Problem statement:
Keep the wording of the records intact as you retype them, and omit every image.

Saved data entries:

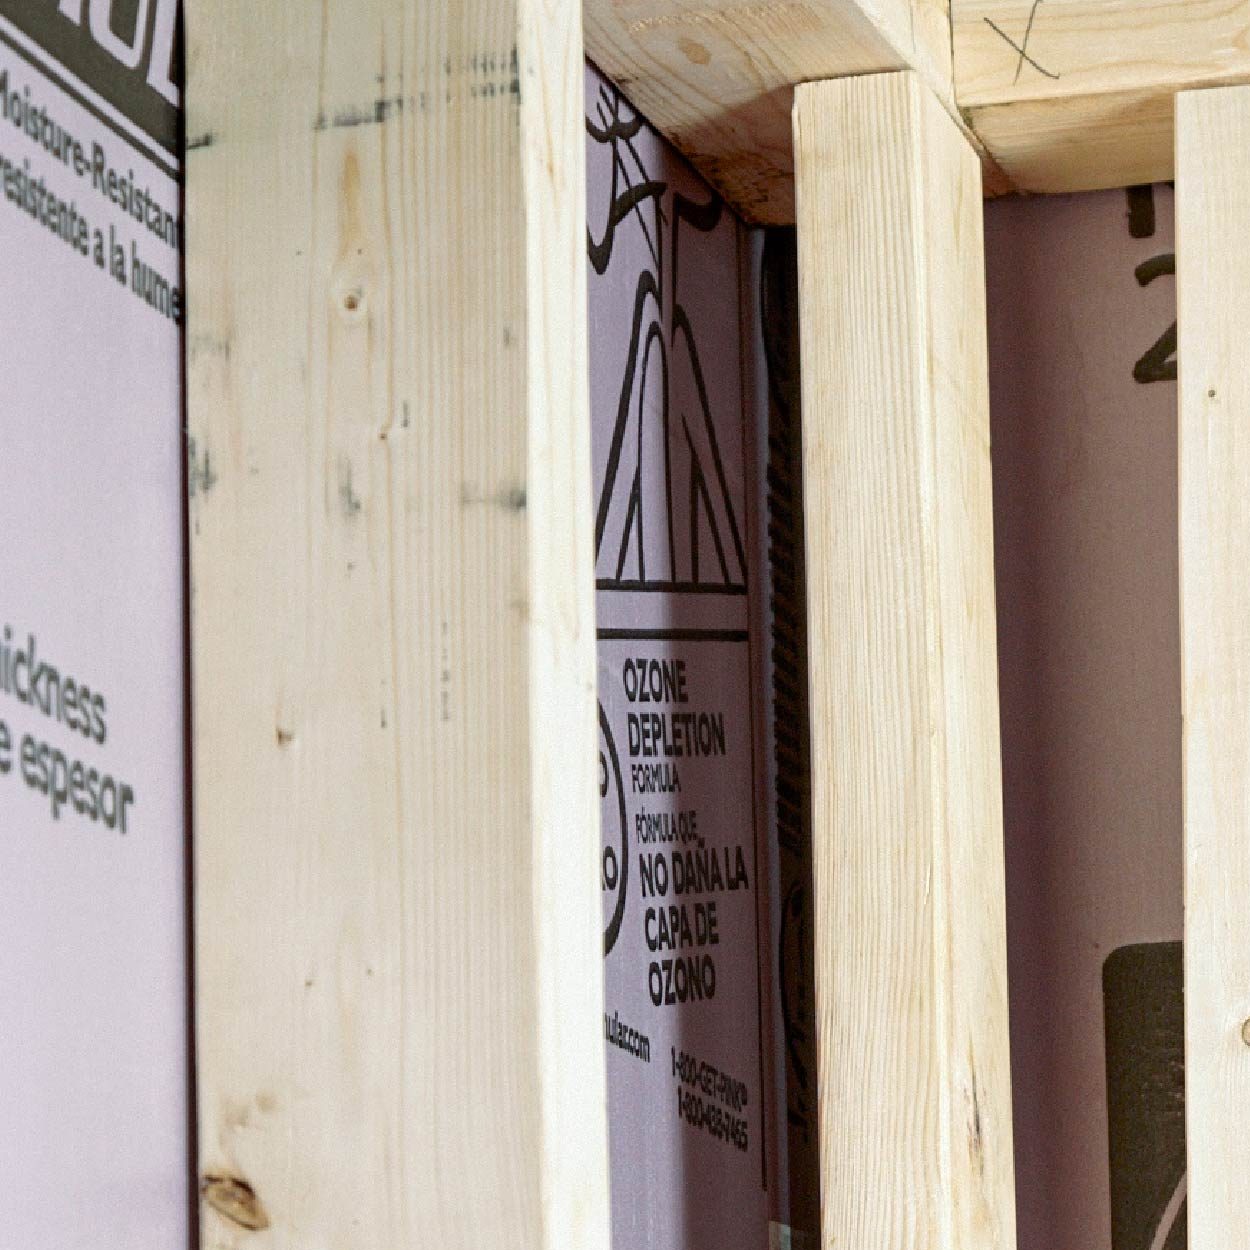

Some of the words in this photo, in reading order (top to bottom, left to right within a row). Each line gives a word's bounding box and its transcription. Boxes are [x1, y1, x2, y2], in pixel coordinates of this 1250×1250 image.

[0, 70, 179, 249] oisture-Resistan
[94, 228, 105, 269] a
[109, 224, 127, 286] la
[131, 239, 181, 325] hume
[0, 624, 107, 745] ickness
[623, 658, 689, 703] OZONE
[627, 712, 726, 758] DEPLETION
[20, 733, 134, 835] espesor
[631, 764, 682, 793] FORMULA
[639, 853, 669, 898] NO
[672, 838, 724, 894] DAÑA
[724, 846, 749, 891] LA
[645, 903, 693, 952] CAPA
[694, 902, 719, 946] DE
[648, 954, 716, 1007] OZONO
[604, 1010, 650, 1063] ular.com
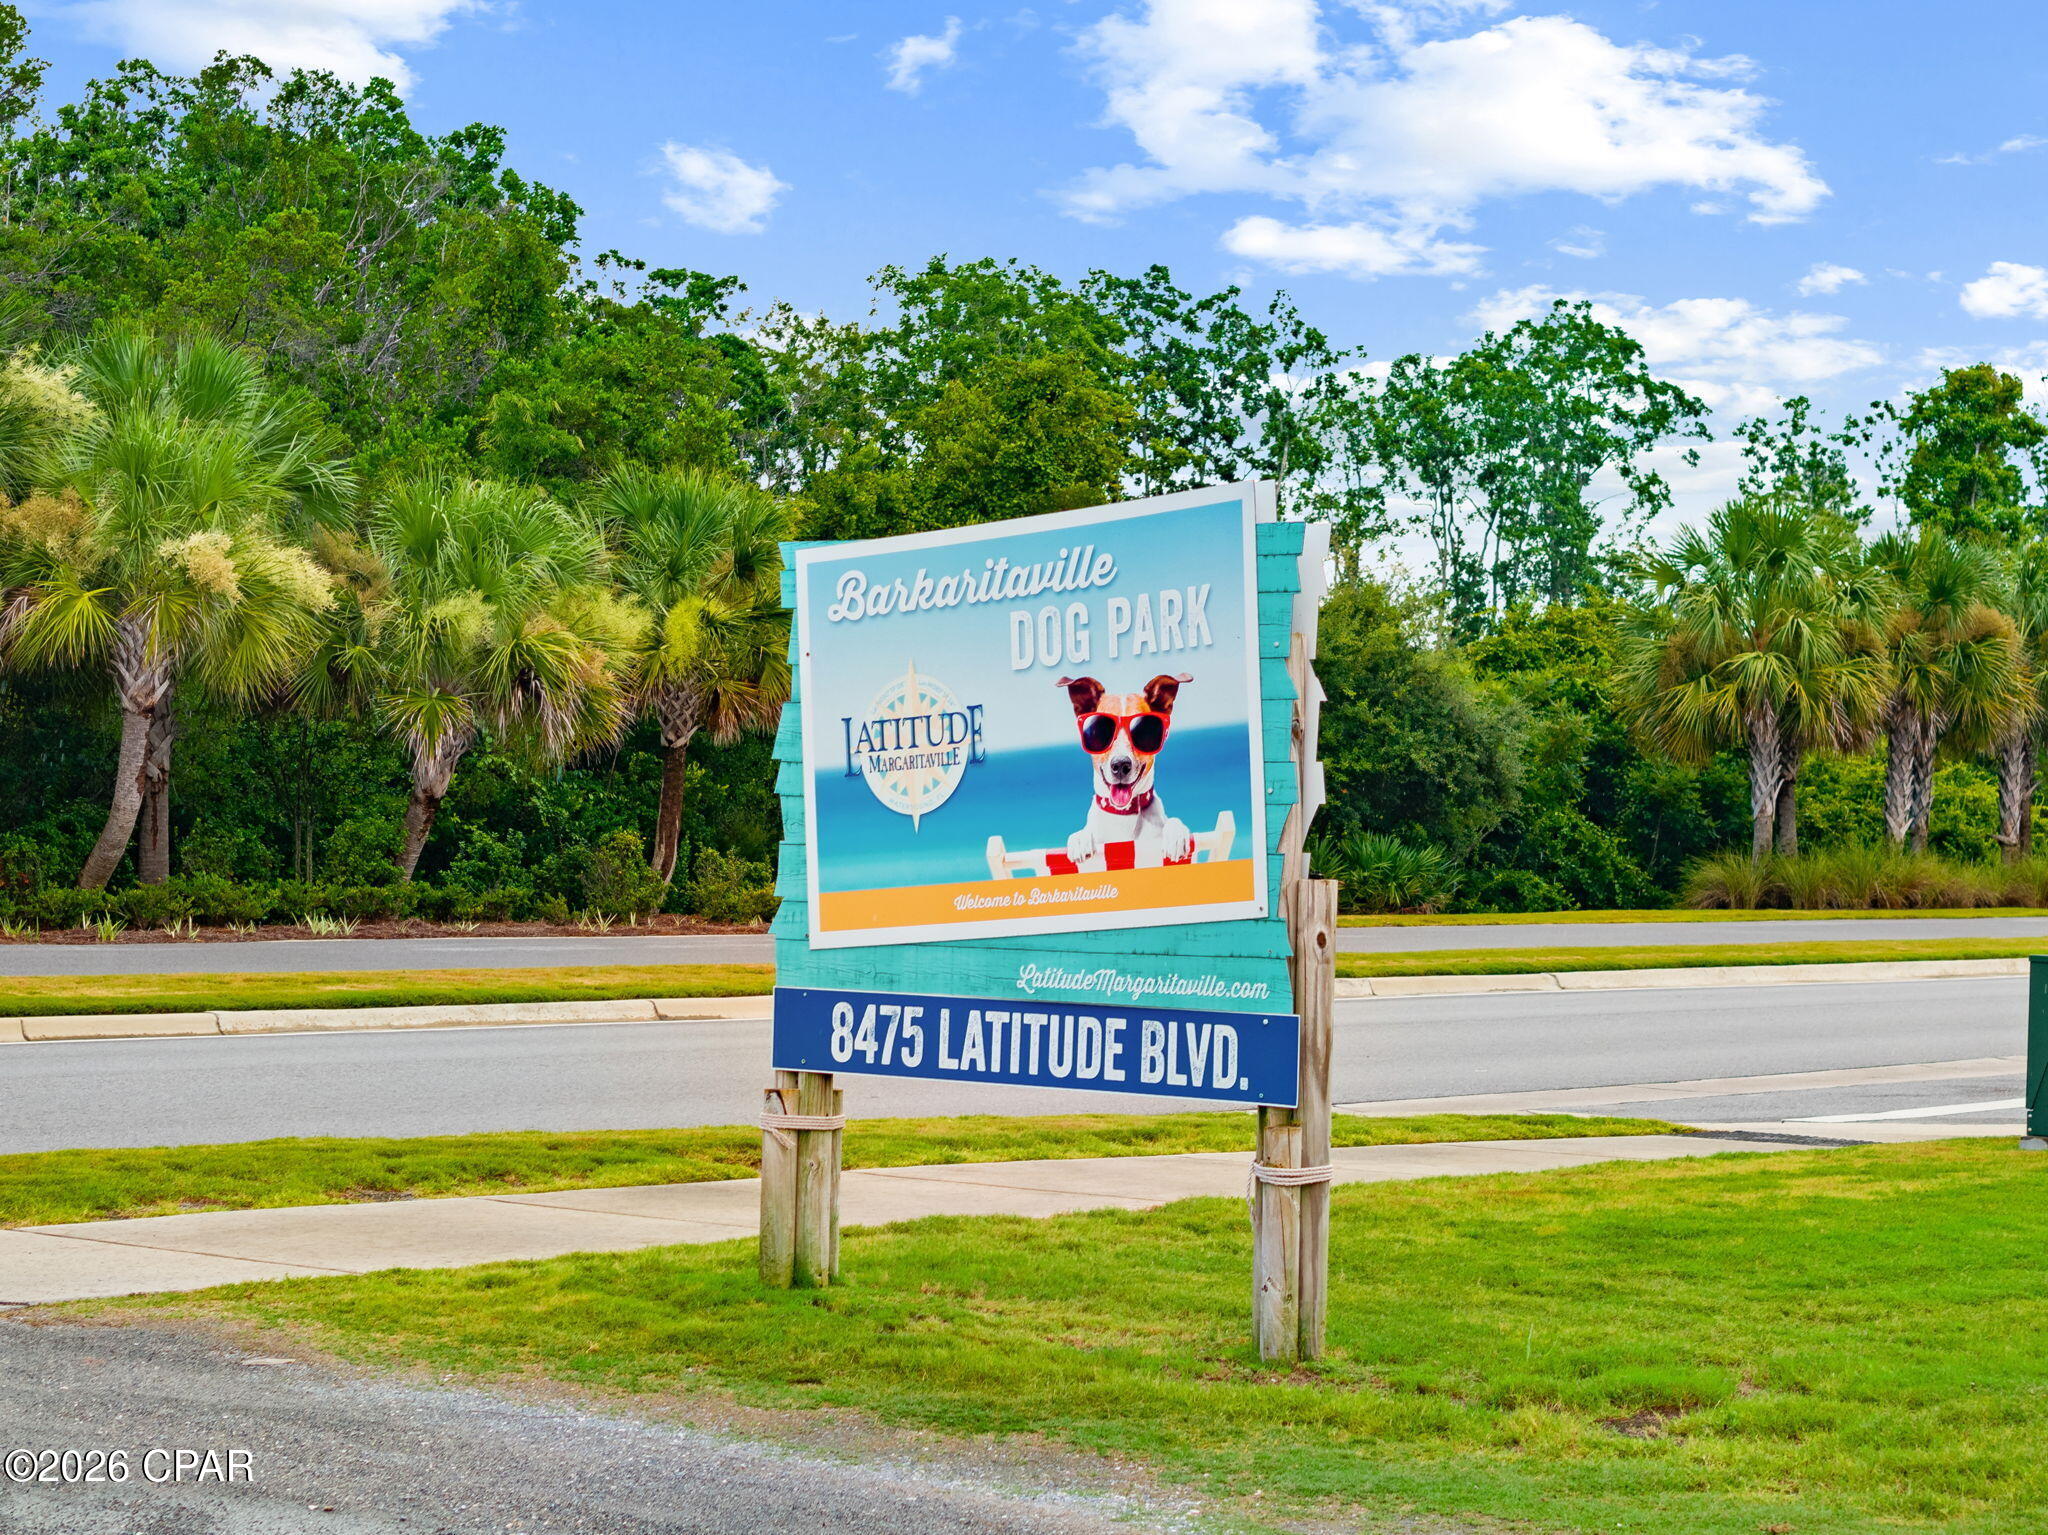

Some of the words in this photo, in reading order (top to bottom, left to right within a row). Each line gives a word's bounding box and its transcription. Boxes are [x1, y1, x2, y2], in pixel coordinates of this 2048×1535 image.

[828, 544, 1118, 622] Barkaritaville
[1010, 602, 1090, 671] DOG
[1107, 584, 1213, 658] PARK
[841, 704, 986, 777] LATITUDE
[869, 747, 960, 773] MARGARITAVILLE
[953, 893, 1011, 910] Welcome
[1010, 892, 1026, 906] to
[1028, 884, 1118, 905] Barkaritaville
[1016, 963, 1270, 1000] LatitudeMargaritaville.com
[830, 1001, 924, 1068] 8475
[938, 1007, 1126, 1081] LATITUDE
[1140, 1019, 1249, 1091] BLVD.

Your response:
Some of the words in this photo, in reading order (top to bottom, left to right within a row). Each line gives a word's bounding box and its transcription. Boxes are [x1, y1, x2, y2], in pixel coordinates of this 1250×1250 image.

[0, 70, 179, 249] oisture-Resistan
[94, 228, 105, 269] a
[109, 224, 127, 286] la
[131, 239, 181, 325] hume
[0, 624, 107, 745] ickness
[623, 658, 689, 703] OZONE
[627, 712, 726, 758] DEPLETION
[20, 733, 134, 835] espesor
[631, 764, 682, 793] FORMULA
[639, 853, 669, 898] NO
[672, 838, 724, 894] DAÑA
[724, 846, 749, 891] LA
[645, 903, 693, 952] CAPA
[694, 902, 719, 946] DE
[648, 954, 716, 1007] OZONO
[604, 1010, 650, 1063] ular.com

Some of the words in this photo, in reading order (top to bottom, left to right within a row). Each line gives a word's bounding box and its transcription. Boxes are [x1, y1, x2, y2], in pixel coordinates of this 2048×1535 image.

[828, 544, 1118, 622] Barkaritaville
[1010, 602, 1090, 671] DOG
[1107, 584, 1213, 658] PARK
[841, 704, 986, 777] LATITUDE
[869, 747, 960, 773] MARGARITAVILLE
[953, 893, 1011, 910] Welcome
[1010, 892, 1026, 906] to
[1028, 884, 1118, 905] Barkaritaville
[1016, 963, 1270, 1000] LatitudeMargaritaville.com
[830, 1001, 924, 1068] 8475
[938, 1007, 1126, 1081] LATITUDE
[1140, 1019, 1249, 1091] BLVD.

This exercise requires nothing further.